We found evidence that the PDQ-39 does not represent a unidimensional construct. These observations are in accordance with the ambiguities observed regarding the dimensionality of the eight PDQ-39 scales [Hagell and Nygren 2007] and the PDQ-8 [Franchignoni et al. 2008]. Previous studies addressing the dimensionality of the PDQ-39SI have conducted exploratory factor analyses of the eight PDQ-39 scale scores [Jenkinson and Fitzpatrick 2007; Luo et al. 2005; Tan et al. 2004; Jenkinson et al. 2003a]. Similarly to the initial derivation of the PDQ-39SI [Jenkinson et al. 1997], these studies suggested that the eight PDQ-39 scales represent a common construct by showing that all eight PDQ-39 scale scores loaded on a single factor according to the eigenvalue 51 criterion.

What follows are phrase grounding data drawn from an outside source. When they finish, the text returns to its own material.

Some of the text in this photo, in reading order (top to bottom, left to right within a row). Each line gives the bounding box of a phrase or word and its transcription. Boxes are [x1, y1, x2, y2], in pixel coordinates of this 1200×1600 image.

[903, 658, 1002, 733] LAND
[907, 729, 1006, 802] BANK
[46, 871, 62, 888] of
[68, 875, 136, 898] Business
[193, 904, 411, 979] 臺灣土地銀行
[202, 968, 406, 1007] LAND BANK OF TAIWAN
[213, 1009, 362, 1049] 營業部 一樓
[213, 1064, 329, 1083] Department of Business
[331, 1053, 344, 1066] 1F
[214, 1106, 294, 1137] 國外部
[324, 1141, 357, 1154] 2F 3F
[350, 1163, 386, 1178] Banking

However, this approach is generally discouraged because it typically yields erroneous results [Gorsuch 1983]. Firstly, it tends to identify too many or too few factors (dimensions) and, secondly, the number of factors identified tends to relate to the number of variables included in the analysis (regardless of the actual number of dimensions in the data). With eight variables, as with the PDQ-39 scales, identification of a single dimension is therefore not surprising [Hair et al. 2006]. Furthermore, in the majority of studies using exploratory factor analysis [Jenkinson and Fitzpatrick 2007; Luo et al. 2005; Tan et al. 2004; Jenkinson et al. 2003a] the identified single factor explained less than 50% of the total variance and in no instance did it exceed the recommended 60% [Hair et al. 2006]. That is, more than half of the information contained in the eight PDQ-39 scales was typically not accounted for.

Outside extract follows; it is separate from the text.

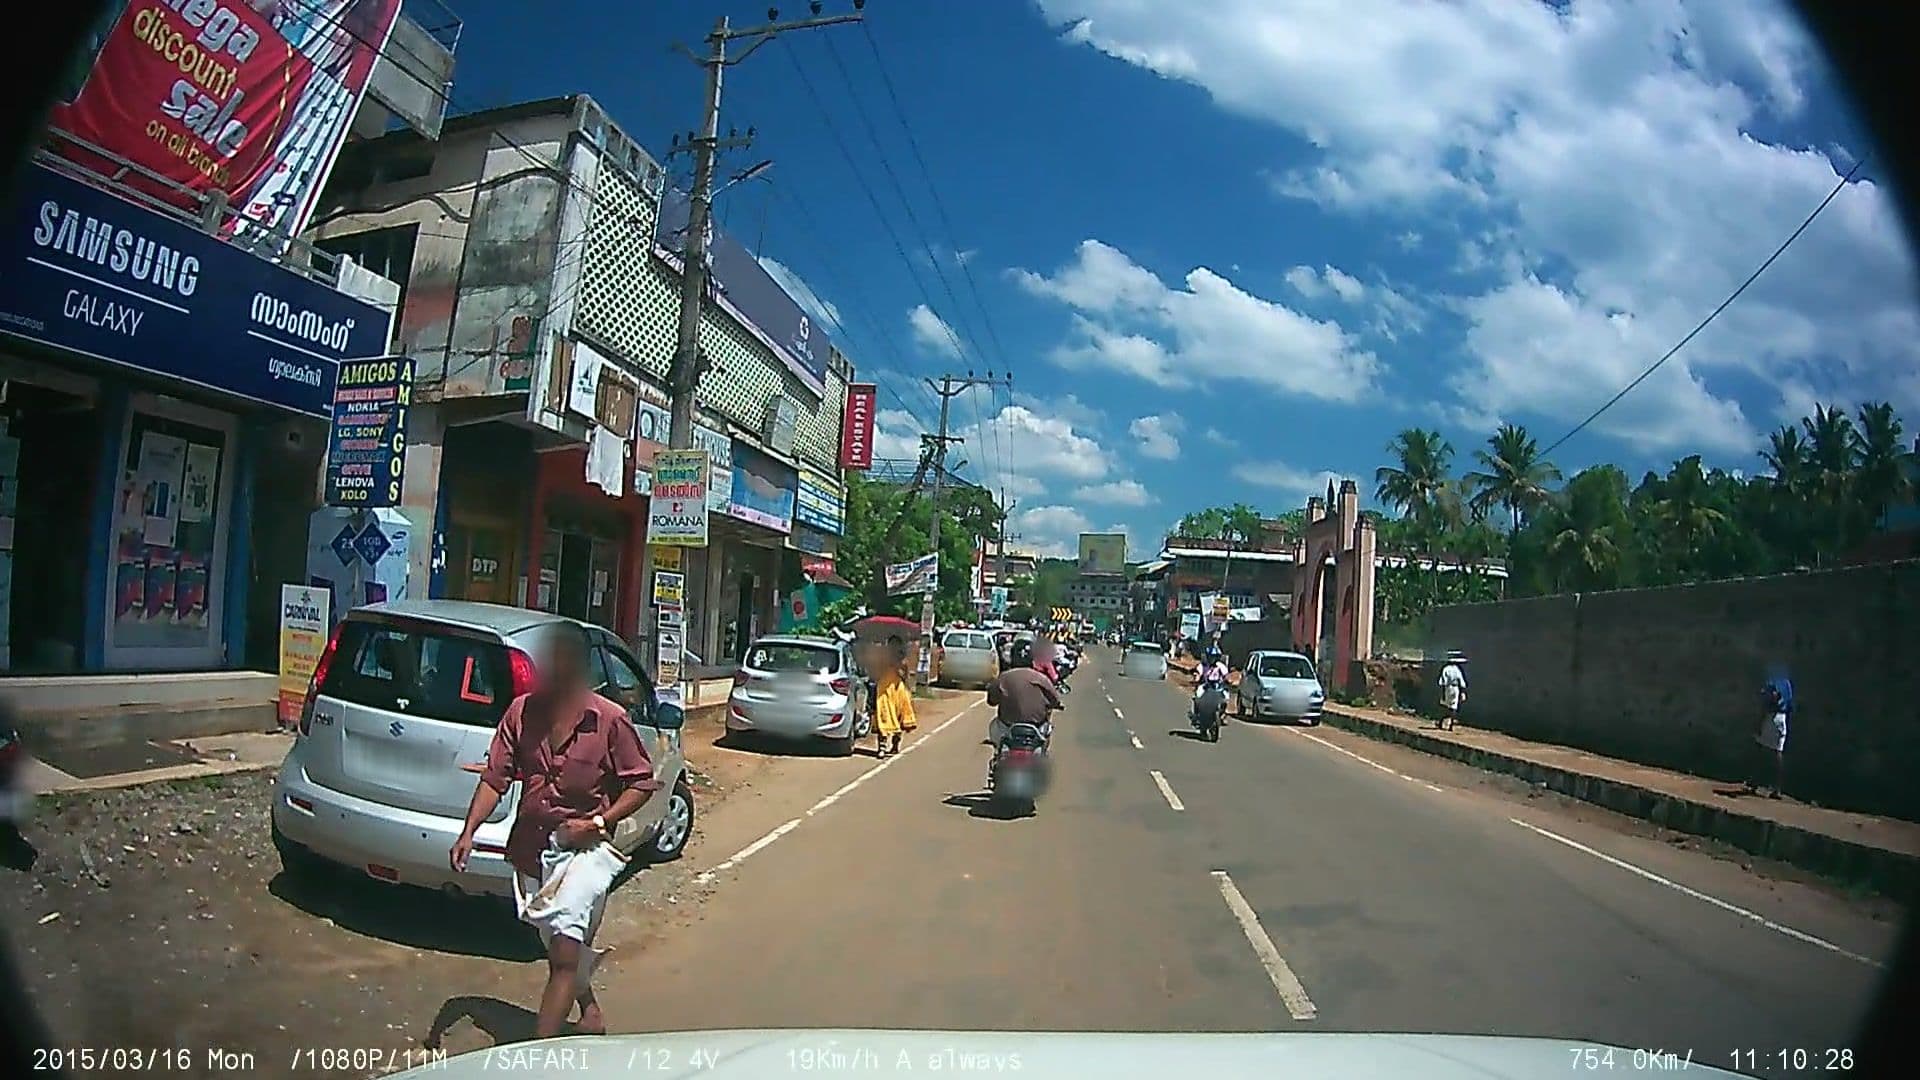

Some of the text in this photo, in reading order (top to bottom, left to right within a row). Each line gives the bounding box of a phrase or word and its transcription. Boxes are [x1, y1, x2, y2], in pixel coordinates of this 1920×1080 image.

It may be obvious from the nature of scales such as the PDQ-39 that they reflect illness-related aspects as perceived and interpreted by patients. On one hand, it may therefore be argued that it is of less concern exactly what such scores represent. However, this would be analogous to relying on an overall score that represents unknown aspects of neurological impairments and use this to understand outcomes in clinical trials. The impact of diseases such as PD is vast and involves a variety of aspects. In order to be able to understand these and to offer interventions to improve patient wellbeing, they need to be measured without ambiguousness. This is not to say that valid overall measurement of the impact of disease from the patient's perspective cannot be obtained. A prerequisite, however, is that such instruments are based on and developed according to well-defined theories [Doward et al. 2004].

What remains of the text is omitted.